You're using a parallelizable tool in a serial workflow. One agent session builds one endpoint while the others wait. Total time: 8 sessions × 15 minutes = 2 hours. You know it could be faster.
The constraint isn't agent capability — it's the bottleneck of a single conversation thread. Most coding agents support multiple concurrent sessions, but engineers default to one-at-a-time because that's how human developers work. You can't split your brain into four parallel streams. Agents can.
Solution
Identify independent subtasks, establish shared contracts, then dispatch them to concurrent agent sessions.
The fan-out protocol:
1. Identify independent subtasks
2. Create shared constraints (types, interfaces, conventions)
3. Launch parallel sessions with identical context + specific assignments
4. Collect and integrate results
5. Verify the integrated wholeStep 1: Identify independence. Two tasks are independent if neither needs the output of the other. Test: "Can I build A without knowing how B turned out?" If yes, they're parallelizable.

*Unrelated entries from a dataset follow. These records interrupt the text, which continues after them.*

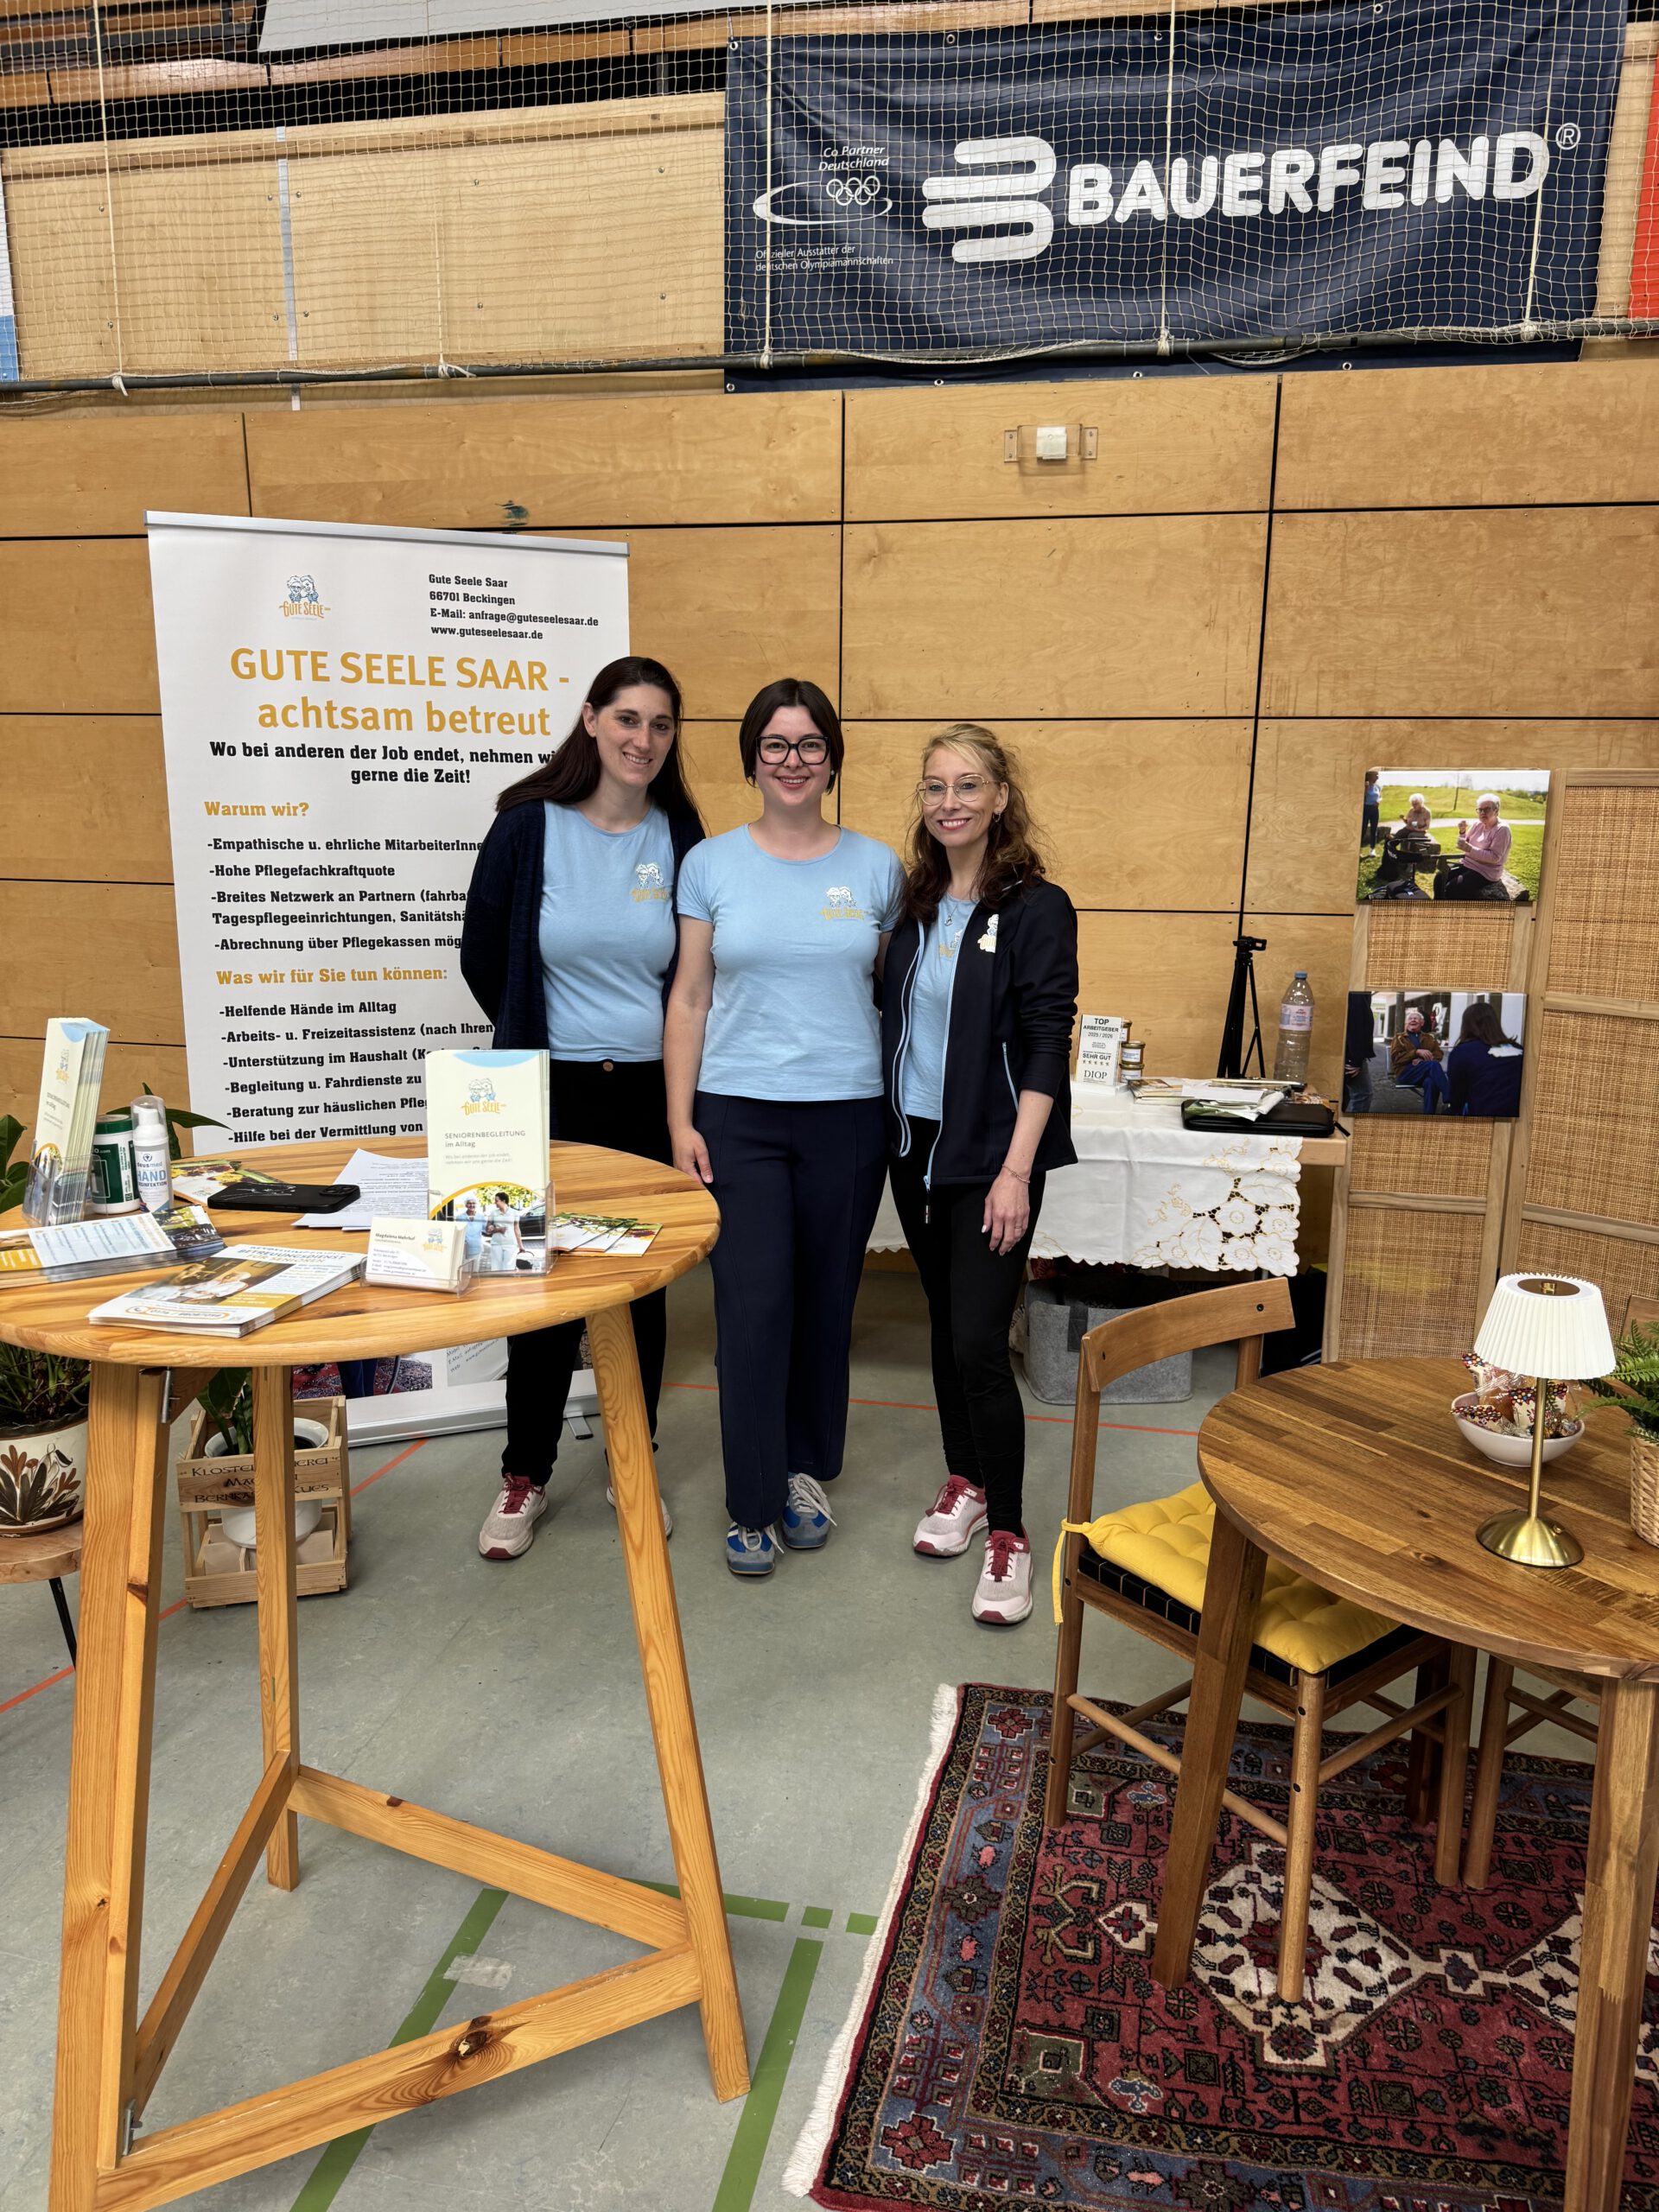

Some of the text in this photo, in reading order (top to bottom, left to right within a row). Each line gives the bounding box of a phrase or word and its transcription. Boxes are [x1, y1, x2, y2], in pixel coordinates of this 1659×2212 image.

[823, 145, 886, 157] Co Partner
[818, 157, 890, 172] Deutschland
[1068, 130, 1550, 226] BAUERFEIND
[755, 245, 855, 259] Ofzieller Ausstatter der
[755, 256, 893, 272] detschen Olympiamannschaften
[429, 575, 507, 588] Gute Seele Saar
[430, 591, 515, 606] 66701 Beckingen
[279, 601, 324, 619] GUTE SEELE
[430, 608, 598, 626] E-Mail: anfrage@guteseelesaar.de
[431, 627, 543, 639] www.guteseelesaar.de
[231, 648, 329, 682] GUTE
[340, 652, 446, 687] SEELE
[456, 658, 550, 691] SAAR
[258, 696, 550, 736] achtsam betreut
[210, 741, 236, 756] Wo
[242, 742, 269, 757] bei
[276, 744, 344, 758] anderen
[351, 745, 377, 759] der
[382, 746, 408, 760] Job
[414, 747, 464, 763] endet,
[470, 749, 532, 763] nehmen
[352, 768, 470, 784] gerne die Zeit!
[204, 802, 308, 816] Warum wir?
[208, 838, 303, 852] -Empathische
[326, 839, 380, 849] ehrliche
[385, 839, 481, 851] MitarbeiterInne
[210, 865, 395, 879] -Hohe Pflegefachkraftquote
[212, 892, 265, 902] -Breites
[270, 891, 334, 902] Netzwerk
[359, 891, 415, 901] Partnern
[421, 889, 465, 902] (fahrba
[213, 911, 463, 926] Tagespflegeeinrichtungen, Sanitätshä
[215, 936, 461, 951] -Abrechnung über Pflegekassen mög
[216, 968, 448, 985] Was wir für Sie tun können:
[219, 1001, 396, 1016] -Helfende Hände im Alltag
[221, 1031, 280, 1042] -Arbeits-
[302, 1027, 416, 1039] Freizeitassistenz
[420, 1024, 456, 1036] (nach
[461, 1021, 493, 1033] Ihren
[224, 1055, 324, 1067] -Unterstützung
[329, 1053, 345, 1063] im
[350, 1050, 407, 1062] Haushalt
[1084, 1070, 1107, 1079] DIOP
[226, 1081, 303, 1094] -Begleitung
[325, 1075, 402, 1088] Fahrdienste
[227, 1107, 293, 1117] -Beratung
[324, 1100, 396, 1113] häuslichen
[400, 1097, 427, 1109] Pfle
[229, 1129, 265, 1142] -Hilfe
[270, 1129, 289, 1141] bei
[295, 1128, 315, 1139] der
[320, 1124, 396, 1137] Vermittlung
[445, 1130, 526, 1139] SENIORENBEGLEITUNG
[138, 1170, 166, 1182] HAND
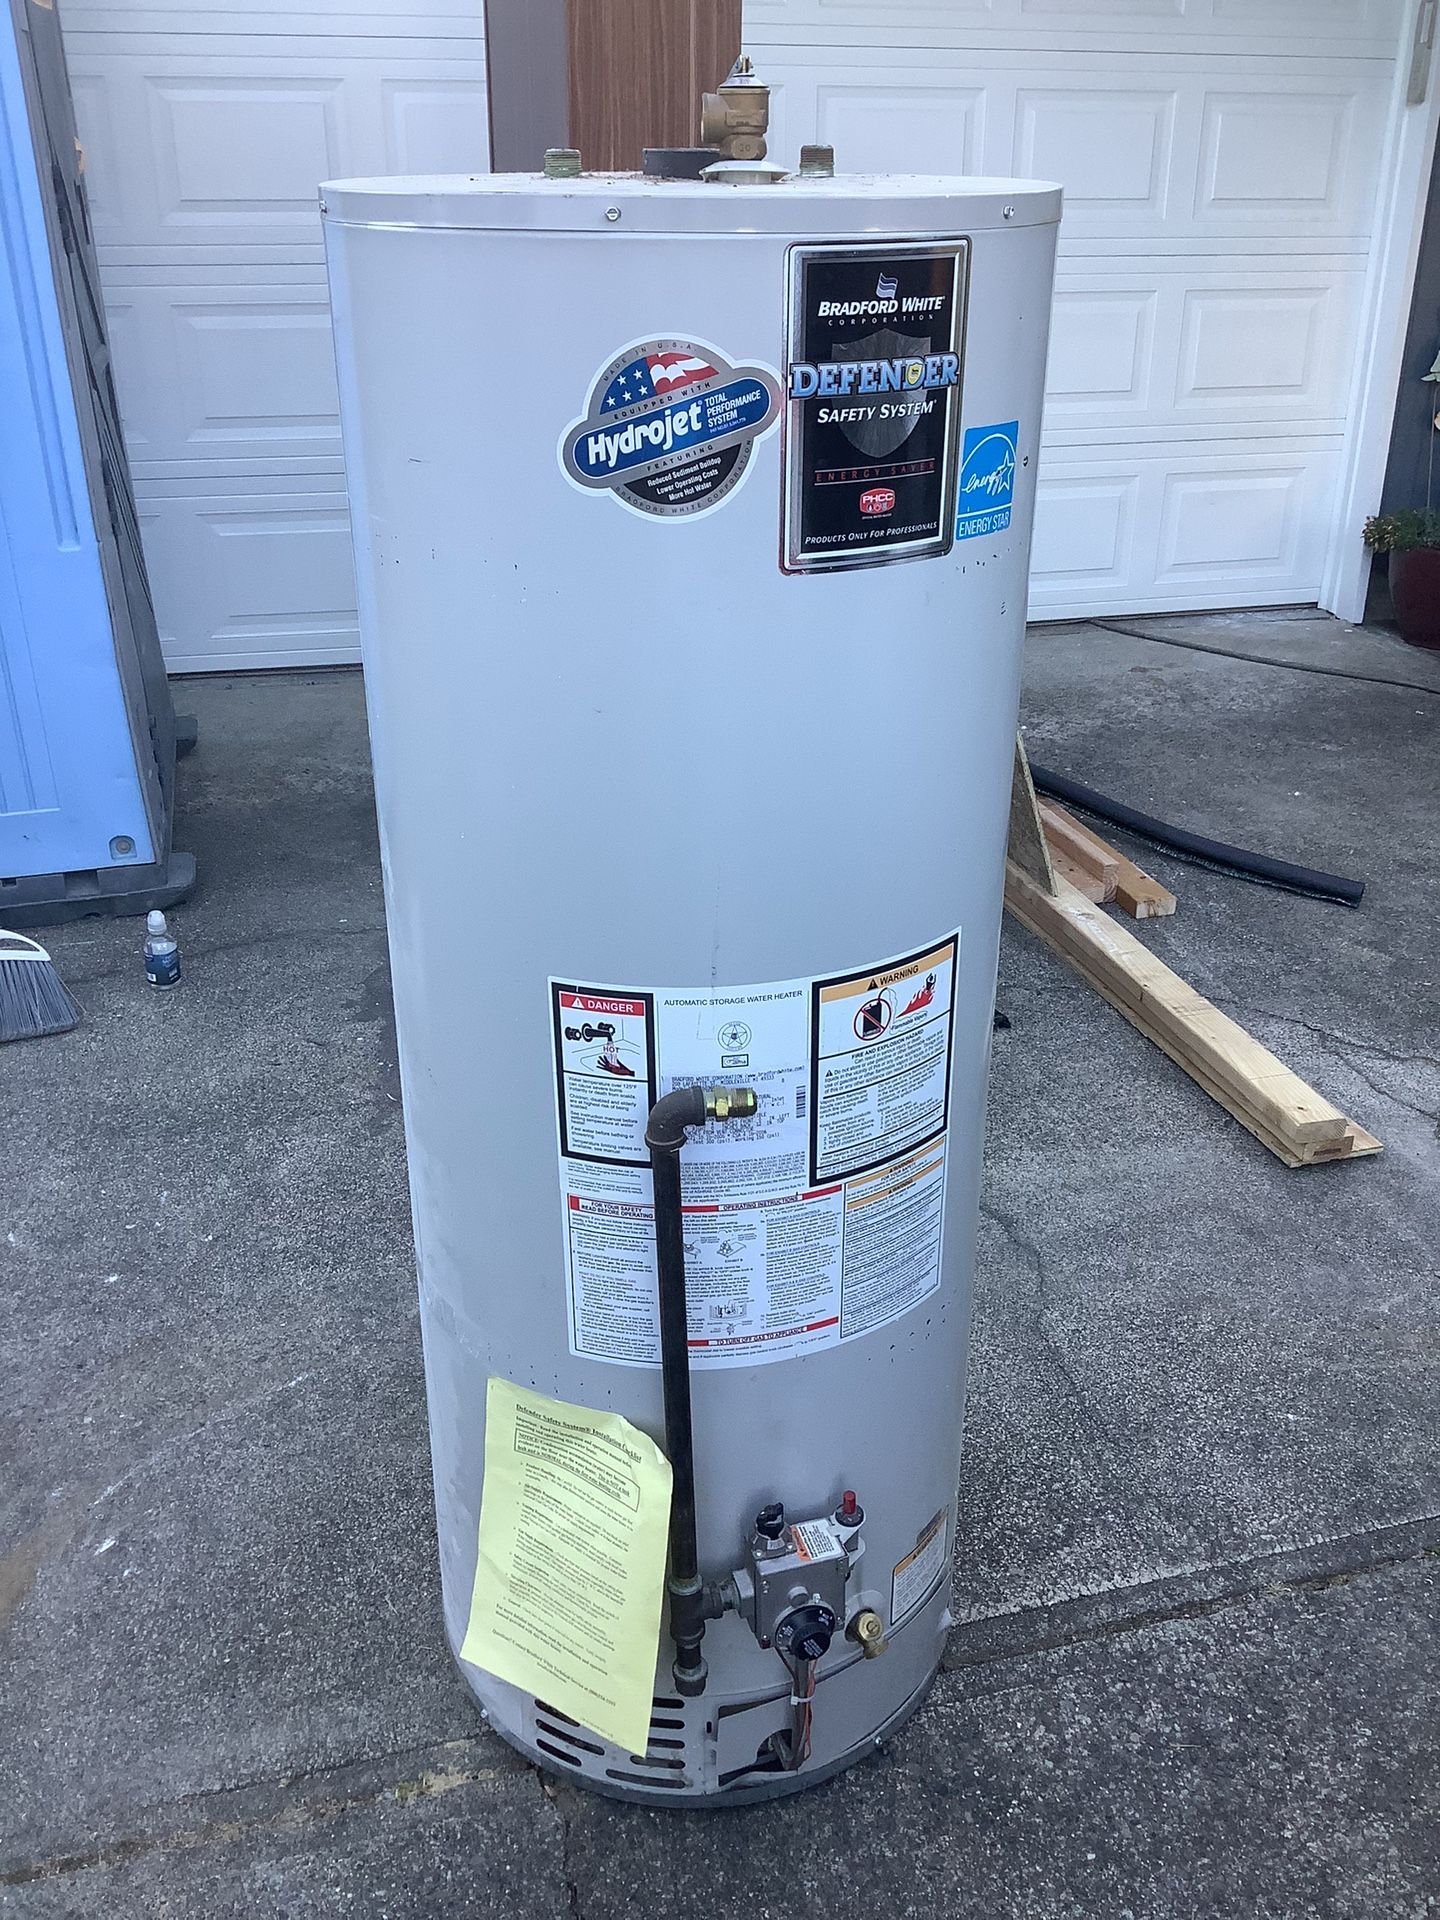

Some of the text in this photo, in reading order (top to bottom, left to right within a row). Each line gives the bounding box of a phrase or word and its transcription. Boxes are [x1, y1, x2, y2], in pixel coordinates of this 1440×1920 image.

[818, 296, 943, 317] BRADFORD WHITE
[828, 314, 934, 326] CORPORATION
[603, 343, 697, 383] MADE IN U.S.A.
[790, 352, 958, 399] DEFENDER
[614, 382, 711, 420] EQUIPPED WITH
[705, 393, 727, 406] TOTAL
[707, 389, 761, 417] PERFORMANCE
[708, 410, 738, 427] SYSTEM
[817, 401, 934, 424] SAFETY SYSTEM
[587, 402, 702, 468] Hydrojet
[647, 444, 714, 471] FEATURING
[615, 440, 752, 514] BRADFORD WHITE CORPORATION
[647, 473, 672, 487] Reduced
[672, 463, 699, 478] Sediment
[656, 468, 718, 495] Lower Operating Costs
[816, 462, 935, 482] ENERGY SAVER
[668, 480, 712, 501] More Hot Water
[863, 493, 893, 503] PHCC
[805, 521, 937, 545] PRODUCTS ONLY FOR PROFESSIONALS
[959, 510, 1009, 537] ENERGY STAR
[879, 965, 918, 986] WARNING
[588, 1001, 633, 1013] DANGER
[709, 997, 745, 1005] STORAGE
[747, 994, 772, 1003] WATER
[774, 990, 802, 999] HEATER

Independent (parallelizable):
- Users API endpoint + Orders API endpoint
- Settings page + Dashboard page
- Email service + Push notification service
Dependent (must be serial):
- Database schema + API endpoints (endpoints depend on schema)
- Auth middleware + Protected routes (routes depend on middleware)
- Type definitions + Implementation (implementation depends on types)Step 2: Establish shared contracts. This is where Scaffold First composes with fan-out. Before launching parallel sessions, create the shared types and interfaces that all sessions must conform to:
# Pre-work: create shared contracts
types/api.ts — shared request/response shapes
lib/db.ts — database client interface
lib/validators.ts — validation utilities
# Then fan out
Session 1: "Build POST/GET /api/users using the types in types/api.ts"
Session 2: "Build POST/GET /api/orders using the types in types/api.ts"
Session 3: "Build POST/GET /api/products using the types in types/api.ts"Each session gets the same shared files as context, ensuring compatible output.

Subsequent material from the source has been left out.